CHP TBMM Grup Toplantısı

Genel Başkan Kılıçdaroğlu (2) : -"Bu tür insanlar yargıda olmamalı, bu tür insanlar Yargıtayı, Danıştayı, Sayıştayı temsil edemezler. Cübbelerini çıkarsınlar, AKP'ye kaydını yaptırsınlar"- "Bizi tehdit ederek, 'eleştireni mahkemeye veririm' diyerek... Ne

TBMM (AA) - CHP Genel Başkanı Kemal Kılıçdaroğlu, Yargıtay, Danıştay ve Sayıştay başkanlarını Cumhurbaşkanı Recep Tayyip Erdoğan'ın Rize ve Kırşehir programına katıldıkları için eleştirerek, "Bu tür insanlar yargıda olmamalı, bu tür insanlar Yargıtayı, Danıştayı, Sayıştayı temsil edemezler. Cübbelerini çıkarsınlar, AKP'ye kaydını yaptırsınlar. O koltuktan ayrıl kardeşim." dedi.

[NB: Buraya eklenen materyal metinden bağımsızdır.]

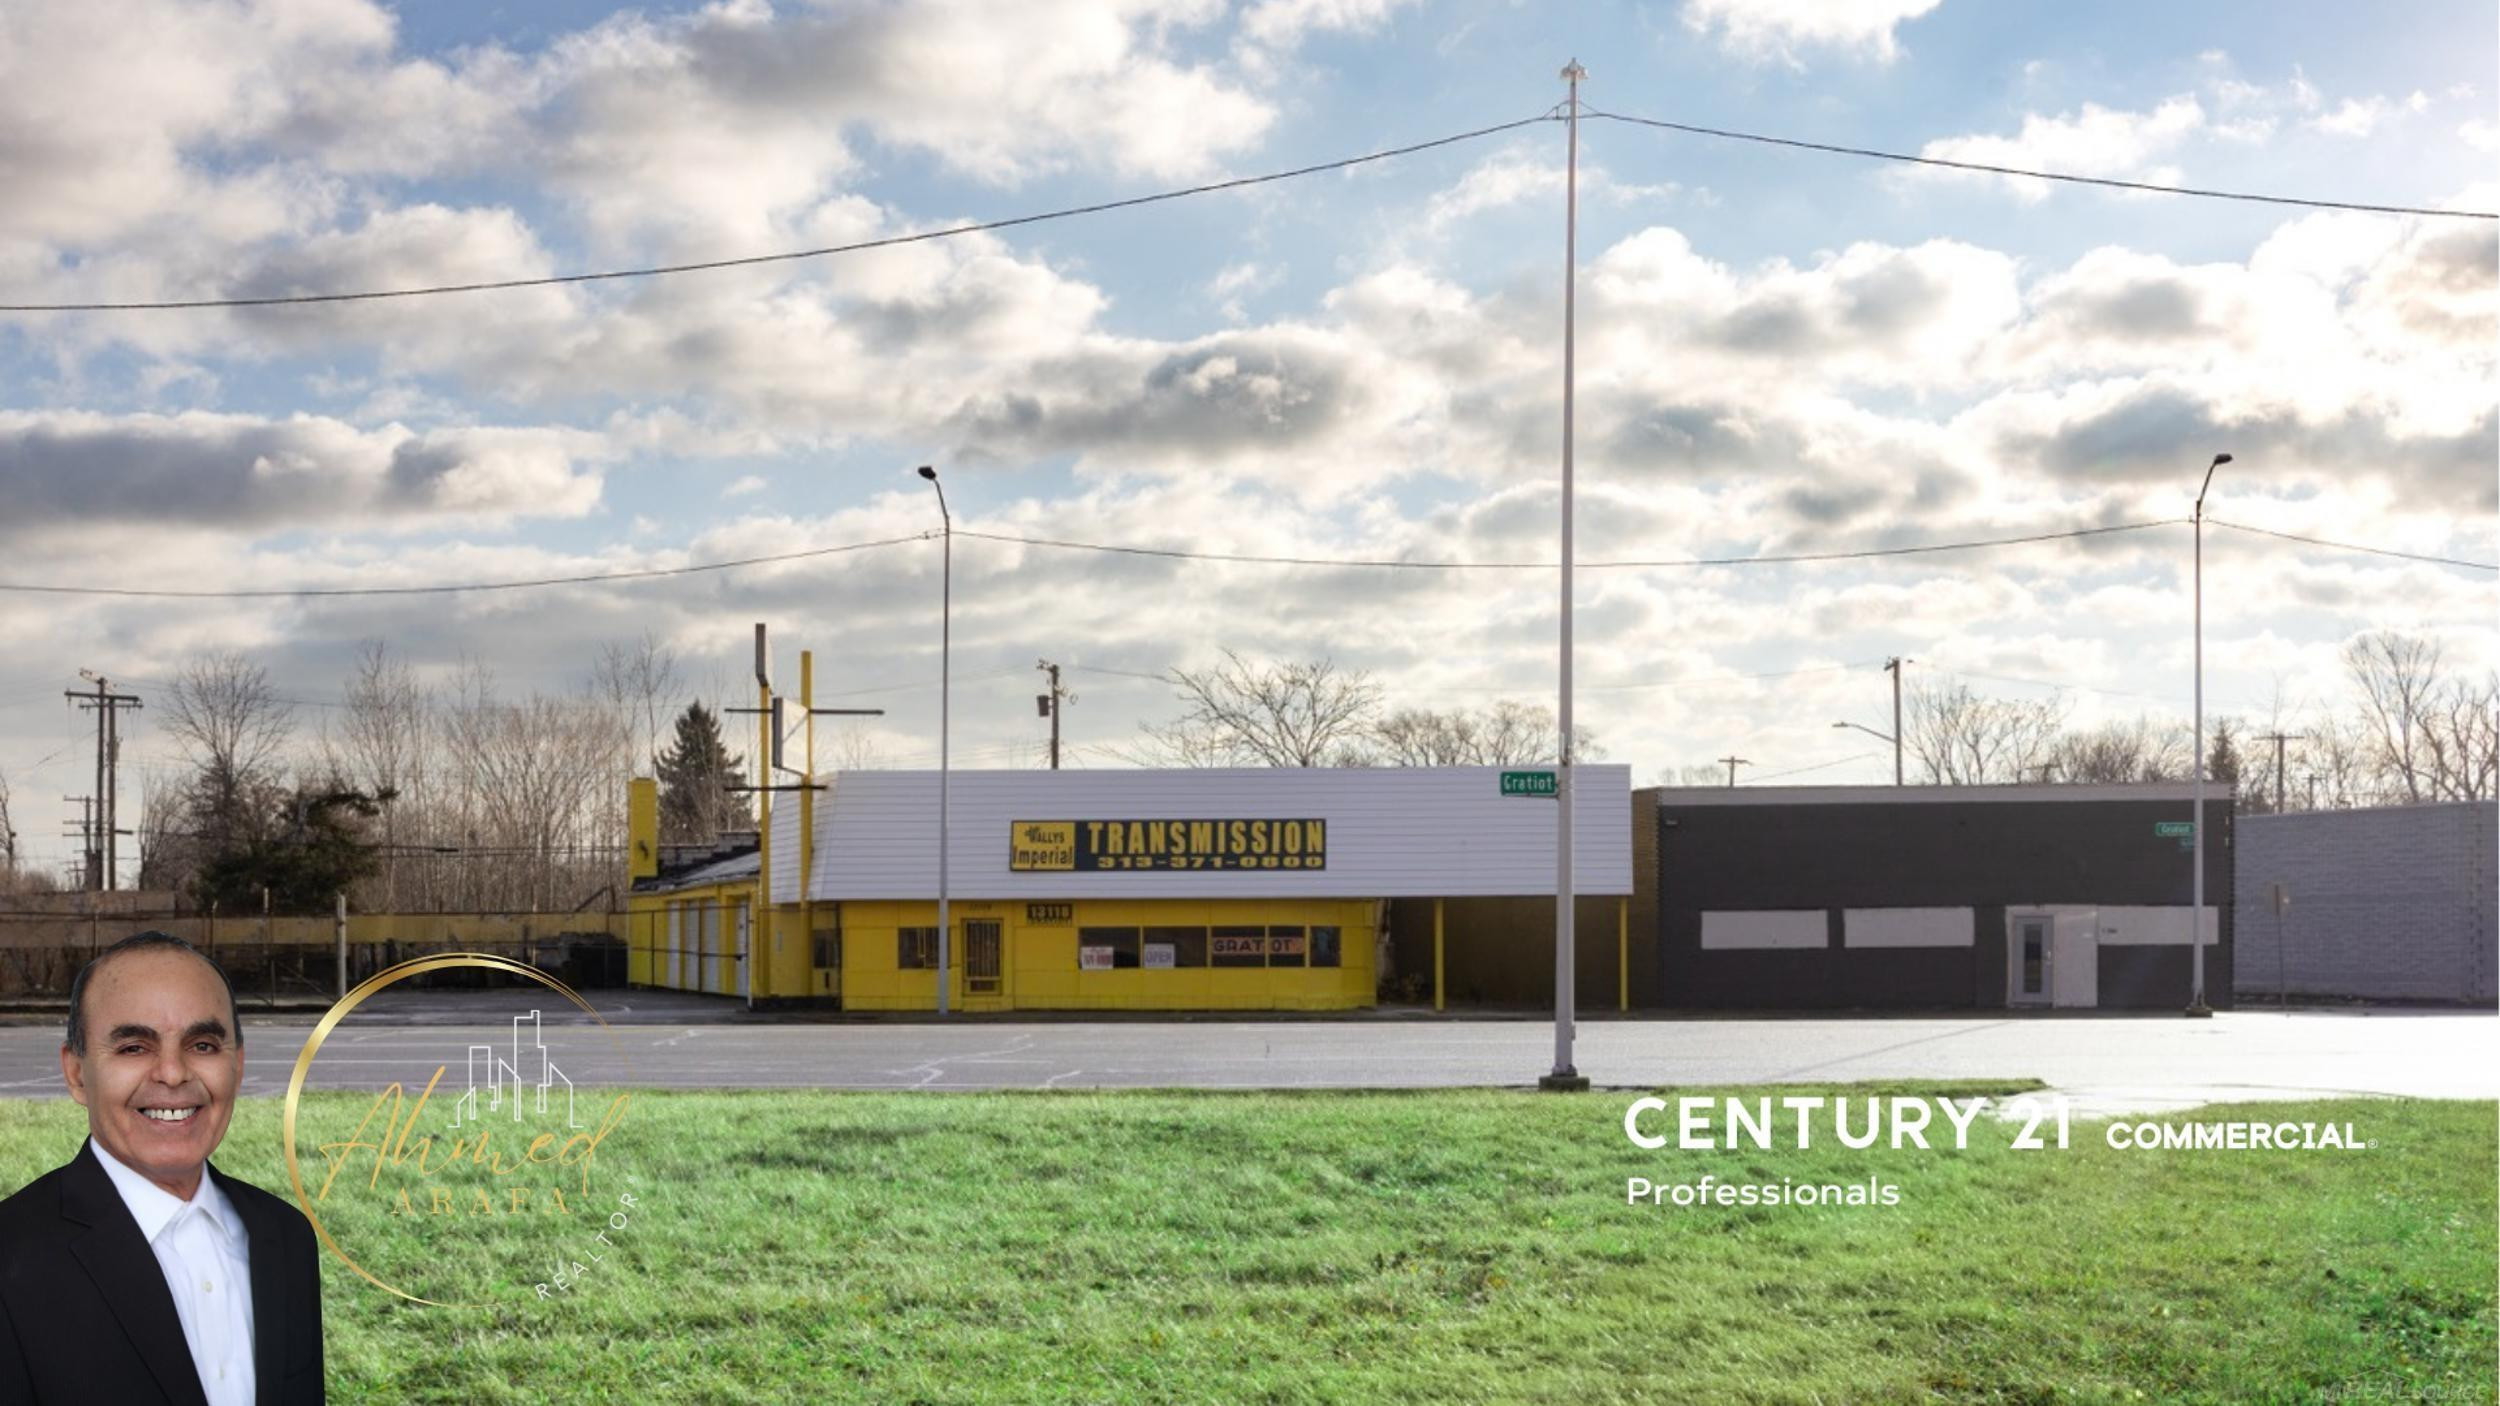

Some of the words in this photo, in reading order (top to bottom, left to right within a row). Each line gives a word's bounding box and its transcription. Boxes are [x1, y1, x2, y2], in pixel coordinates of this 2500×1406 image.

[1503, 775, 1553, 791] Gratiot
[1087, 820, 1324, 855] TRANSMISSION
[1013, 845, 1073, 869] Imperial
[1213, 939, 1292, 953] GRATOT

Kılıçdaroğlu, partisinin TBMM Grubu'nda yaptığı konuşmada, gündemdeki konulara ilişkin değerlendirmelerde bulundu.

Zonguldak'ta maaşlarını alamadıkları için maden işçilerinin eylem yaptığına işaret eden Kılıçdaroğlu, emeğin, alın terinin en yüce değer olduğunu, bu değere CHP dışında hiçbir partinin sahip çıkmadığını, bütün işçilerin bunu bilmesi gerektiğini savundu.

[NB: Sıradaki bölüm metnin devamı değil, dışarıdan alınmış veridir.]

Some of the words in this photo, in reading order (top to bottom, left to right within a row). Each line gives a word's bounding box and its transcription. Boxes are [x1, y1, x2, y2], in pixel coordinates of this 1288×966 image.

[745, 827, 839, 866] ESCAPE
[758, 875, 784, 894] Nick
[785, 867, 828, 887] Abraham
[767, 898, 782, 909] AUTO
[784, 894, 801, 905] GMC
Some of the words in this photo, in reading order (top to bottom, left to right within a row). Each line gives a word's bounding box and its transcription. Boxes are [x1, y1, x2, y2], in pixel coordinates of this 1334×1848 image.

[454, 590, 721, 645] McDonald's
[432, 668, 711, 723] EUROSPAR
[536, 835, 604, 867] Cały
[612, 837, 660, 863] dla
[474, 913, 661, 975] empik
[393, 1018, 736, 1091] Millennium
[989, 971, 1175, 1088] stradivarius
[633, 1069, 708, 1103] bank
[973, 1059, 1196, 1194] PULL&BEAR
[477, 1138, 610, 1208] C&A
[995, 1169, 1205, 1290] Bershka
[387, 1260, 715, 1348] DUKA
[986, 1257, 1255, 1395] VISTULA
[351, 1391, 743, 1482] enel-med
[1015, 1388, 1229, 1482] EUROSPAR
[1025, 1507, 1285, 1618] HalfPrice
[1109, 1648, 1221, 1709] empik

Kılıçdaroğlu, 17 işçinin parasının ödendiğini, diğerlerine sadaka niyetine para dağıtıldığını ifade ederek, işçilerin ürettiklerinin karşılığını, kıdem tazminatlarını istediğini söyledi. Kılıçdaroğlu, "Zonguldak'taki maden işçileri, senin sorununa sahip çıkan parti CHP'dir. Artık dünyanı değiştir, kendin için yeni bir gelecek ara. Türkiye'yi, emeği, alın teri ile çalışan insanların mutlu Türkiyesi haline getirmek boynumuzun borcudur." diye seslendi.

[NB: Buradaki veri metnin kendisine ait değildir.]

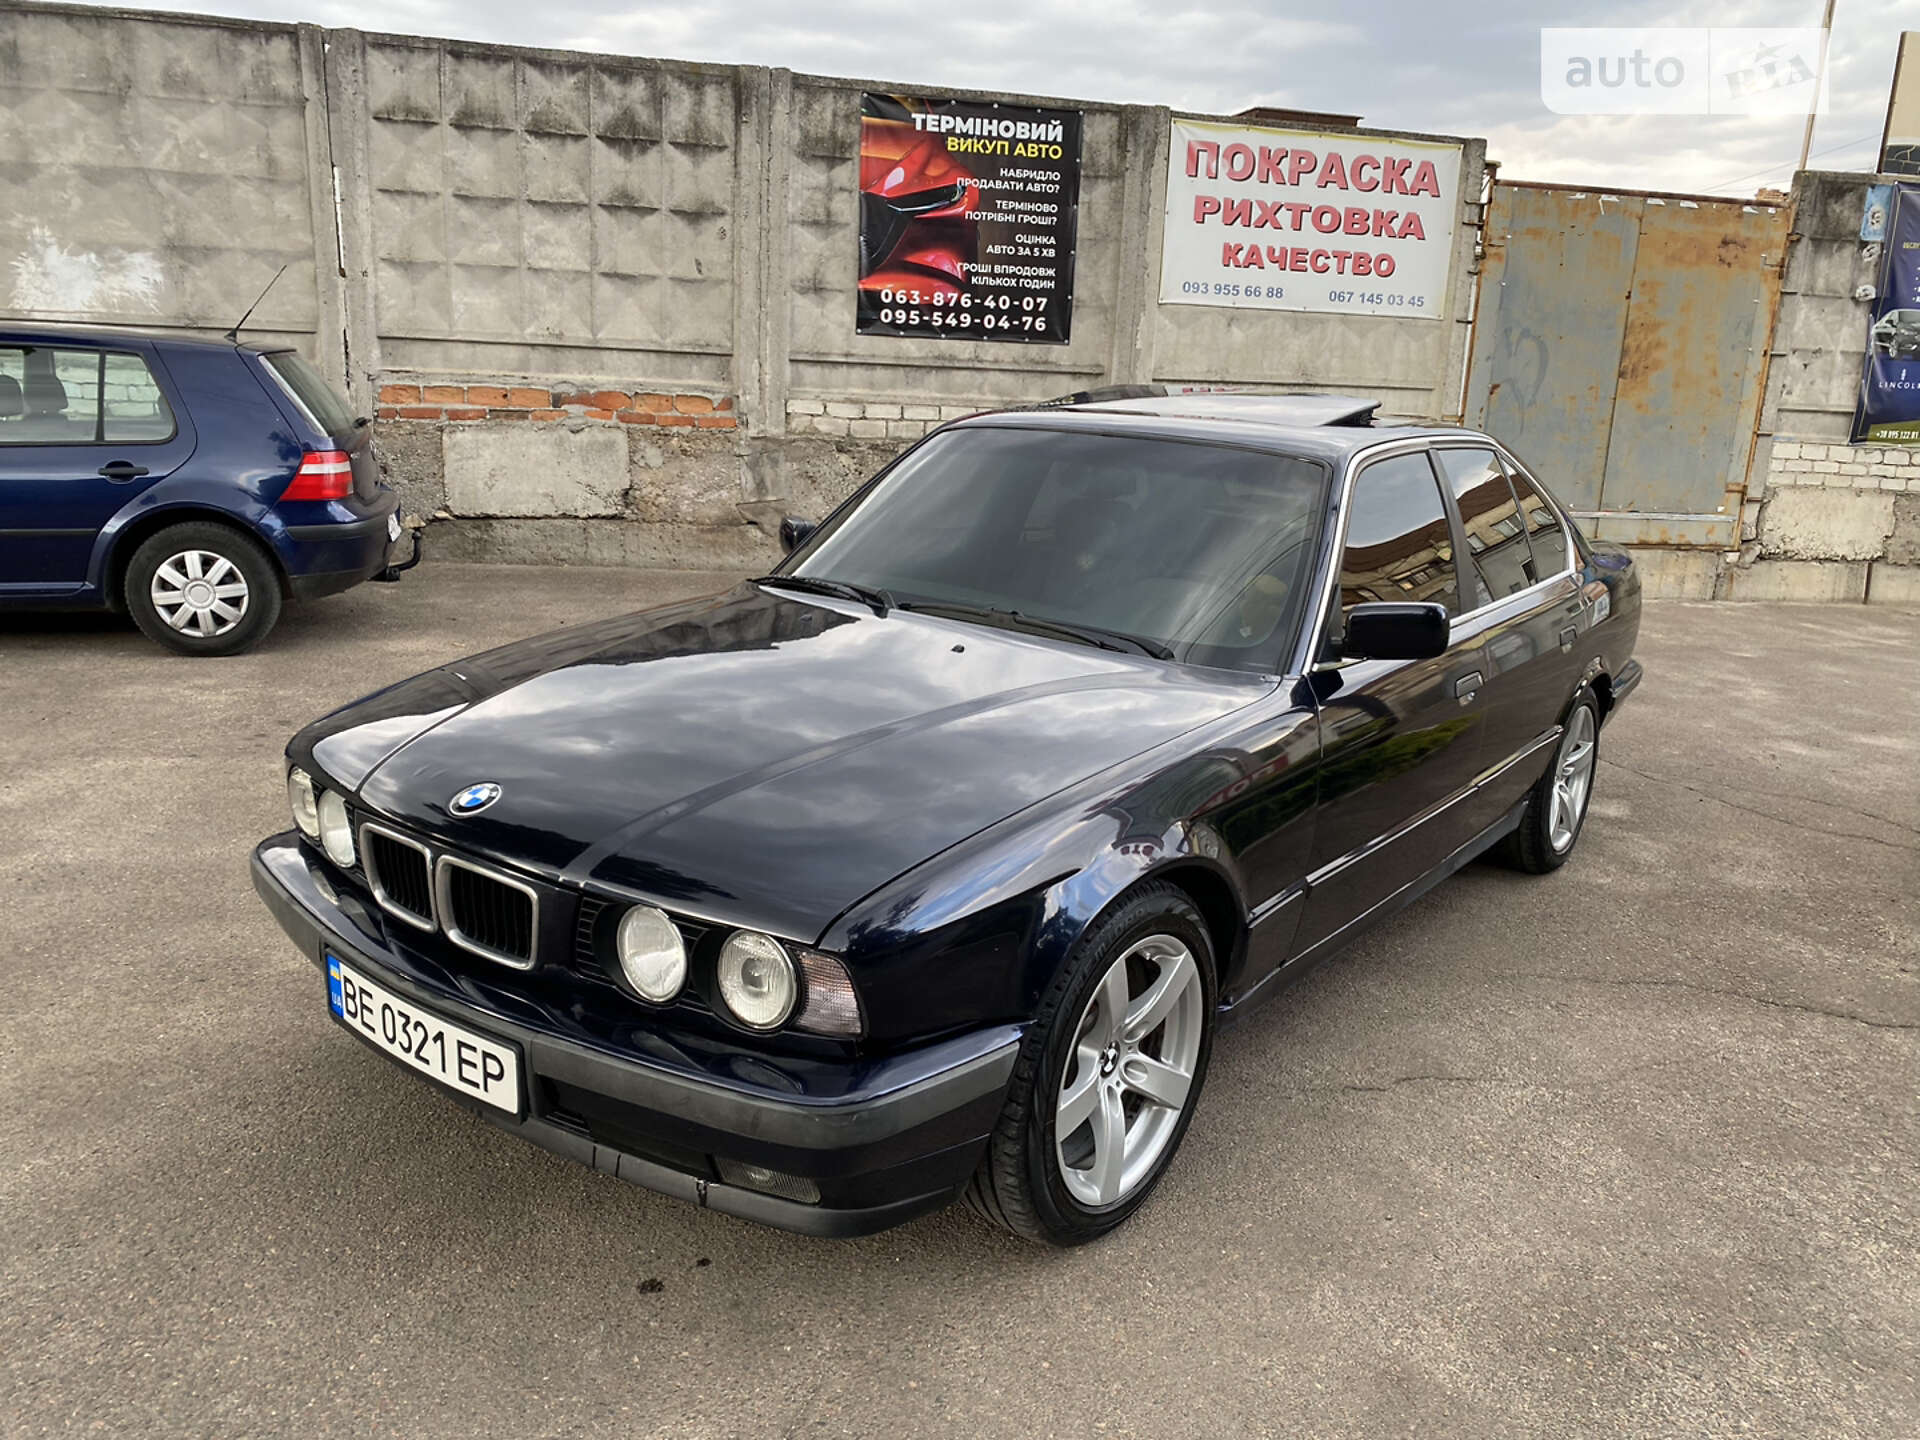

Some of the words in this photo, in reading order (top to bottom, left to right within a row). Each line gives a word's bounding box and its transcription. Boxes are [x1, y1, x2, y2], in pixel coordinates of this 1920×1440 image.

[911, 113, 1064, 142] ТЕРМІНОВИЙ
[947, 137, 1009, 157] ВИКУП
[1013, 143, 1063, 159] АВТО
[1000, 168, 1061, 181] НАБРИДЛО
[1185, 140, 1441, 198] ПОКРАСКА
[956, 177, 1023, 191] ПРОДАВАТИ
[1026, 182, 1060, 193] АВТО?
[995, 200, 1058, 213] ТЕРМІНОВО
[964, 211, 1016, 223] ПОТРІБНІ
[1017, 214, 1058, 225] ГРОШІ?
[1193, 195, 1427, 241] РИХТОВКА
[1015, 234, 1056, 246] ОЦІНКА
[986, 245, 1015, 256] АВТО
[1017, 247, 1032, 256] ЗА
[1033, 247, 1040, 257] 5
[1041, 248, 1056, 257] ХВ
[1222, 242, 1396, 277] КАЧЕСТВО
[956, 262, 992, 274] ГРОШІ
[994, 265, 1056, 278] ВПРОДОВЖ
[971, 275, 1017, 288] КІЛЬКОХ
[1019, 278, 1055, 289] ГОДИН
[1182, 281, 1209, 295] 093
[1214, 283, 1240, 297] 955
[1244, 285, 1262, 298] 66
[1266, 287, 1284, 299] 88
[880, 288, 1048, 311] 063-876-40-07
[1329, 290, 1354, 303] 067
[1359, 292, 1383, 305] 145
[1387, 294, 1405, 306] 03
[1408, 295, 1425, 307] 45
[879, 309, 1047, 331] 095-549-04-76
[342, 974, 376, 1035] BE
[381, 1002, 447, 1074] 0321
[456, 1039, 505, 1093] EP

-"Anayasa Mahkemesine götüreceğiz"

CHP Genel Başkanı Kılıçdaroğlu, TBMM Genel Kurulunda bugün görüşülmesi planlanan Elektrik Piyasası Kanunu ile Bazı Kanunlarda Değişiklik Yapan Kanun Teklifi'ne ilişkin de değerlendirmelerde bulundu.

Vatandaşın 52 liralık elektrik tüketimi için 105 lira fatura ödediğini, bunun içinde kayıp-kaçak, TRT payının da olduğunu dile getiren Kılıçdaroğlu, sözlerini şöyle sürdürdü:

"Namuslu vatandaş elektriğini tüketiyor, saate bakıyor, zamanında faturayı ödüyor. Bir başkası kaçak elektrik kullanıyor, devlet onun değil namuslu adamın peşinde. 'Onun kaçırdığını namusludan alacağım' diyor. AKP için uygundur, onların zaten felsefesi bu. Kaçaktan besleniyorlar. Tüketici dernekleri itiraz etti, Yargıtaya gitti. Yargıtay, 'Kayıp kaçak bedelini vatandaştan alamazsın' dedi. Şimdi yargıyla alamadıklarını kanunla alacaklar. Alacakları miktar 33 milyar lira. Elektrik kullanan bütün vatandaşlara sesleniyorum; kaçak elektriği kullananın elektrik bedelini, namuslu insanlardan almak doğru mu değil mi? Bu kaçak-kayıp bedelini benden alanda din, iman, Allah, kitap var mı, bunların nesi var? İnsan Allah'tan korkar, böyle birşey yapmaz. TBMM Genel Kurulunda aynı sertlikte muhalefet edeceksiniz. Namuslu vatandaş ne zamandan beri hırsızın cezasını ödüyor? Antik çağlara döndük. Antik çağlarda Spartalılarda hırsızlık övünülecek olaydı. TBMM, bir ahlaksızlığa aracılık yapabilir mi? Bu kanunu Anayasa Mahkemesine kadar götüreceğiz."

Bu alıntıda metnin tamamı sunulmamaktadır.